Das Ziel der Günther-Regierung bleibt, die Onshore-Windenergieerzeugung auszubauen. Dafür sollen auf zwei Prozent der Landesfläche geeignete Gebiete ausgewiesen werden. Über die Eignung tobt aber seit langem ein heftiger Streit, der bereits Wahlkampfthema bei der vergangenen Landtagswahl gewesen ist. Windanlagengegner fordern einen gebührenden Abstand der Windräder zu Wohnimmobilien und Siedlungen. Umweltverbände wiederum mahnen Tierschutzbelange an. Umweltschützer meinten zuletzt sogar, dass aus Rücksicht vor Abstandsregelungen gegenüber Wohnbebauung die Naturschutzkriterien aufgeweicht worden sind.

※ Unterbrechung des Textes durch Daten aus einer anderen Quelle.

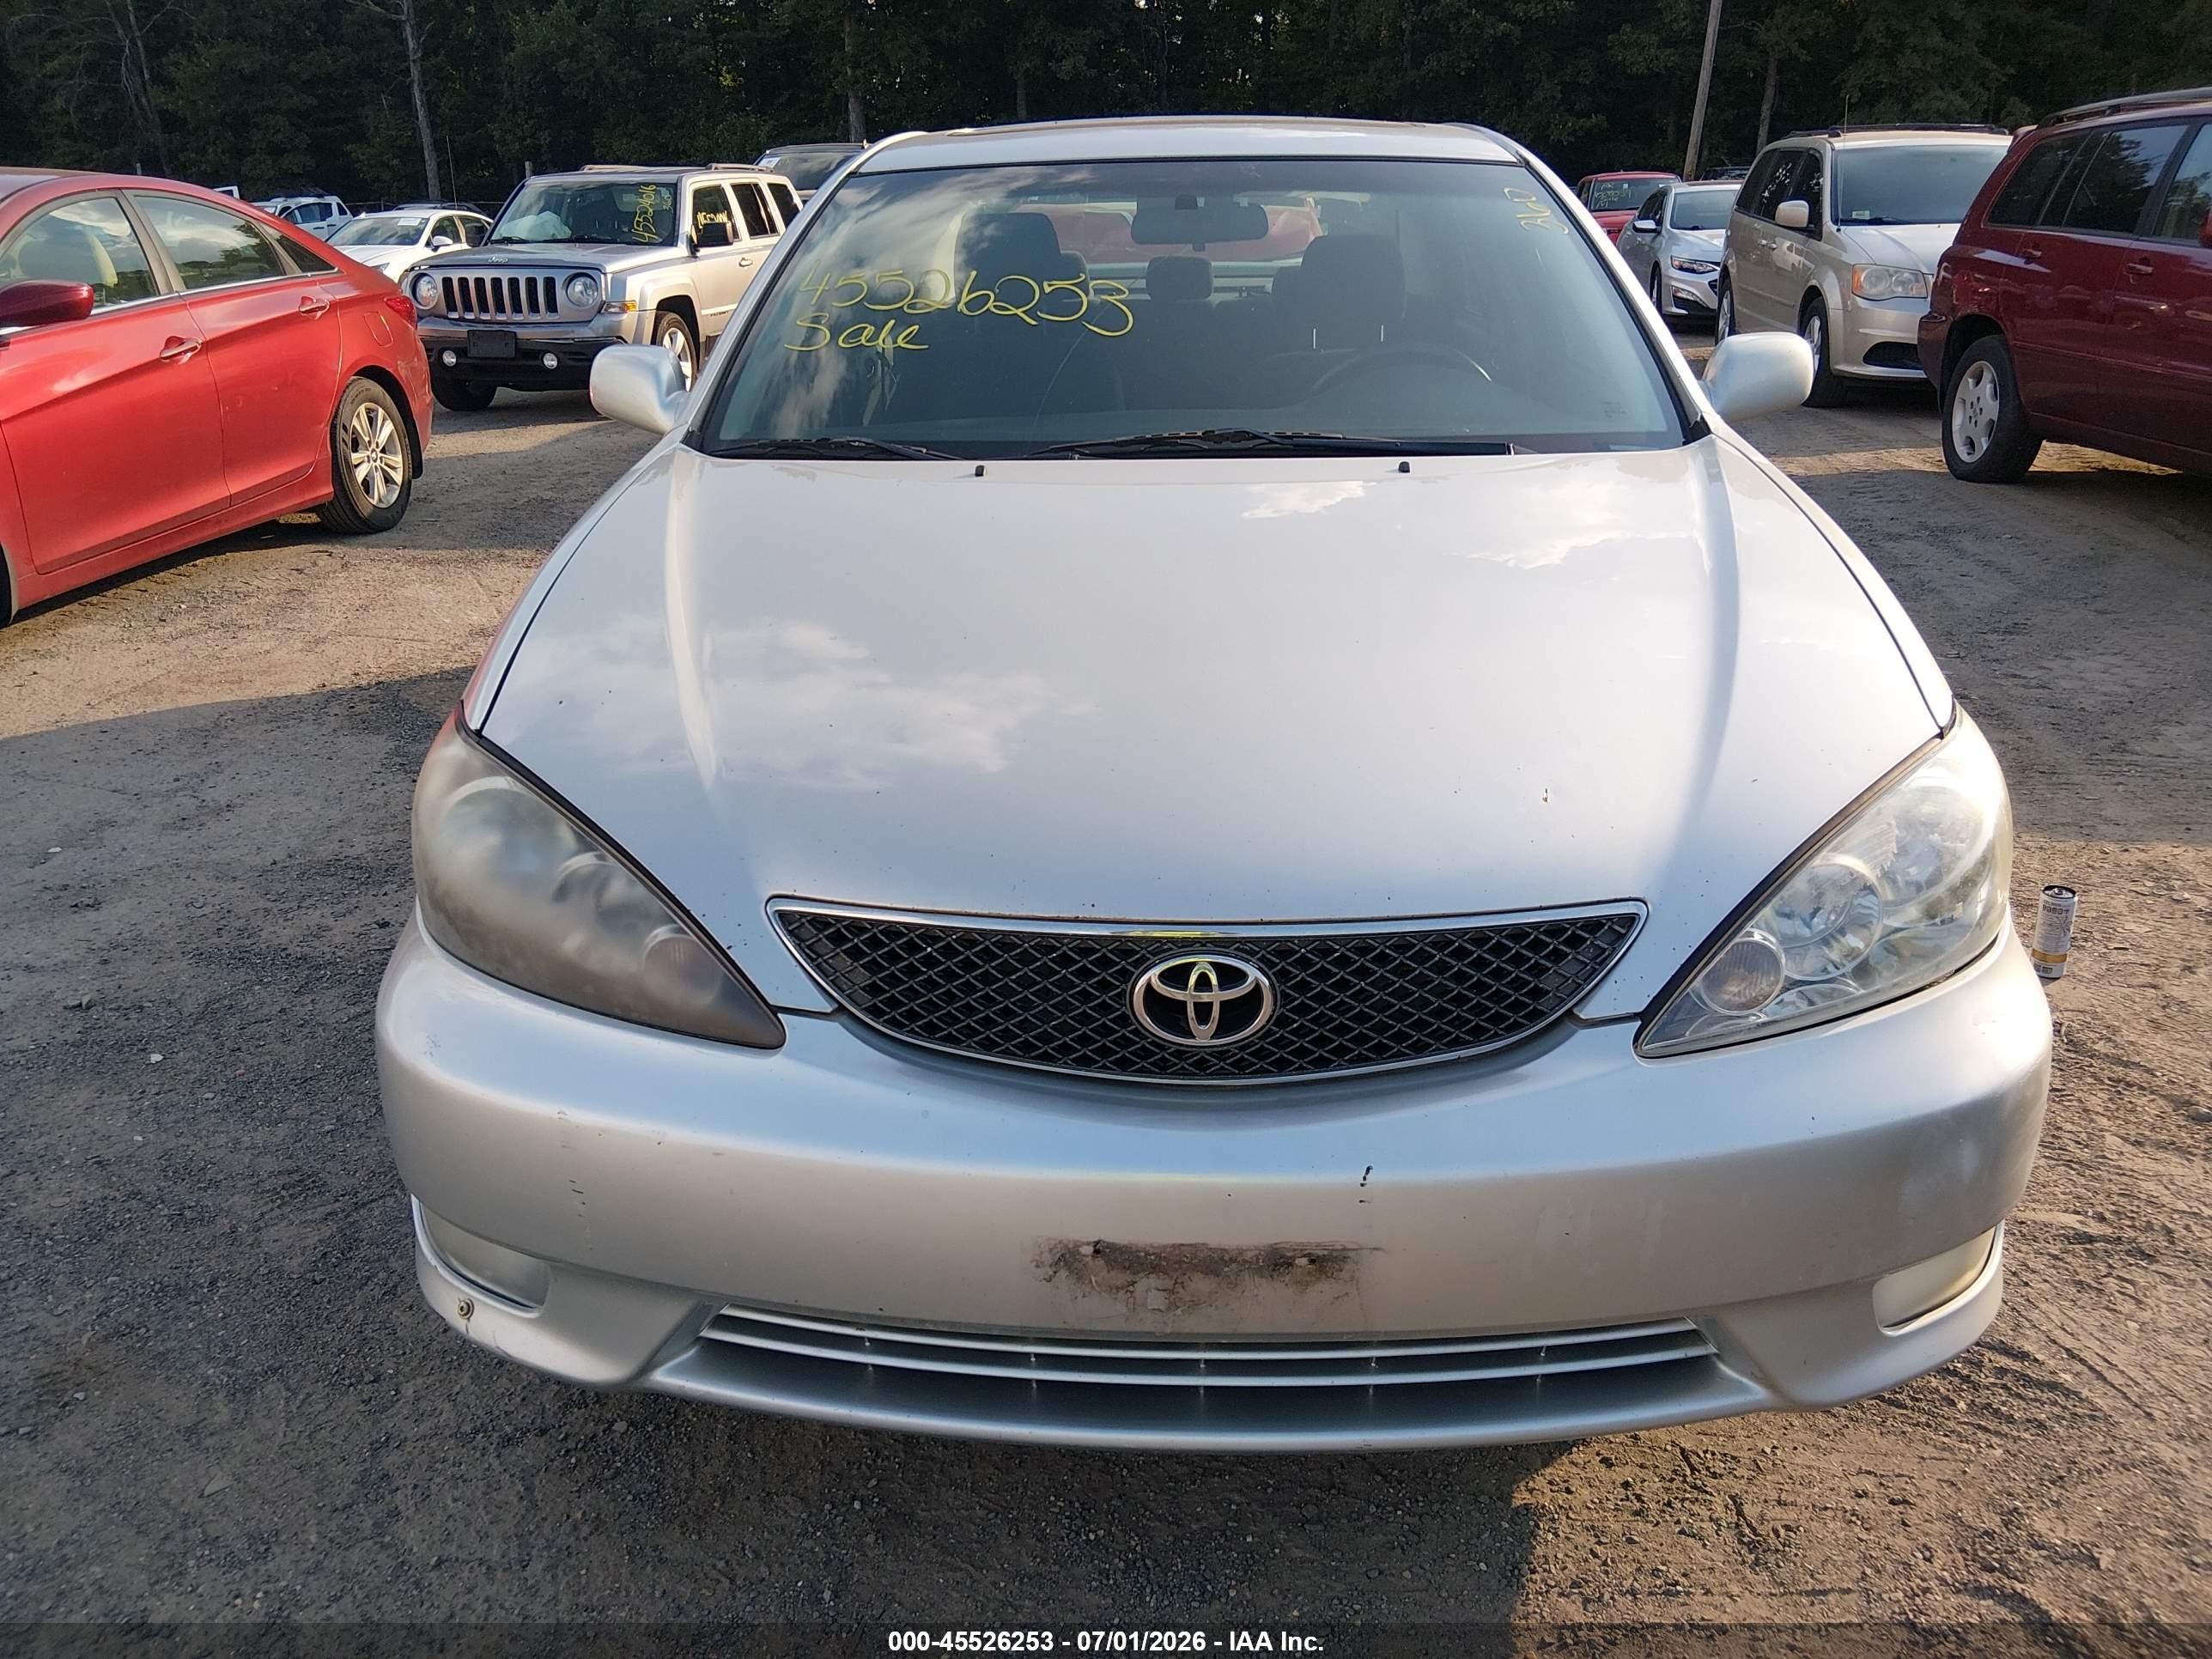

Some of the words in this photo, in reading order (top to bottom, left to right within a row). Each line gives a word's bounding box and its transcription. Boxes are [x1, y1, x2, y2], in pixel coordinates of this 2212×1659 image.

Als Reaktion auf einen Entwurf der Regionalplanung gab es nach einer zweiten Anhörung im Rahmen der Bürgerbeteiligung 5200 Stellungnahmen und Einwendungen. Diese werden nunmehr in einen weiteren Planentwurf eingearbeitet, um so viel Akzeptanz wie möglich in der Bevölkerung herzustellen. Für diese Tätigkeit sind 13 Mitarbeiter in einer Projektgruppe Windkraft innerhalb der Landesplanung abgestellt. Ferner sind noch drei externe Planungsbüros involviert. Die mitregierende FDP versteht die Aufregung nicht. Gründlichkeit müsse vor Schnelligkeit gehen, meinen die Freidemokraten.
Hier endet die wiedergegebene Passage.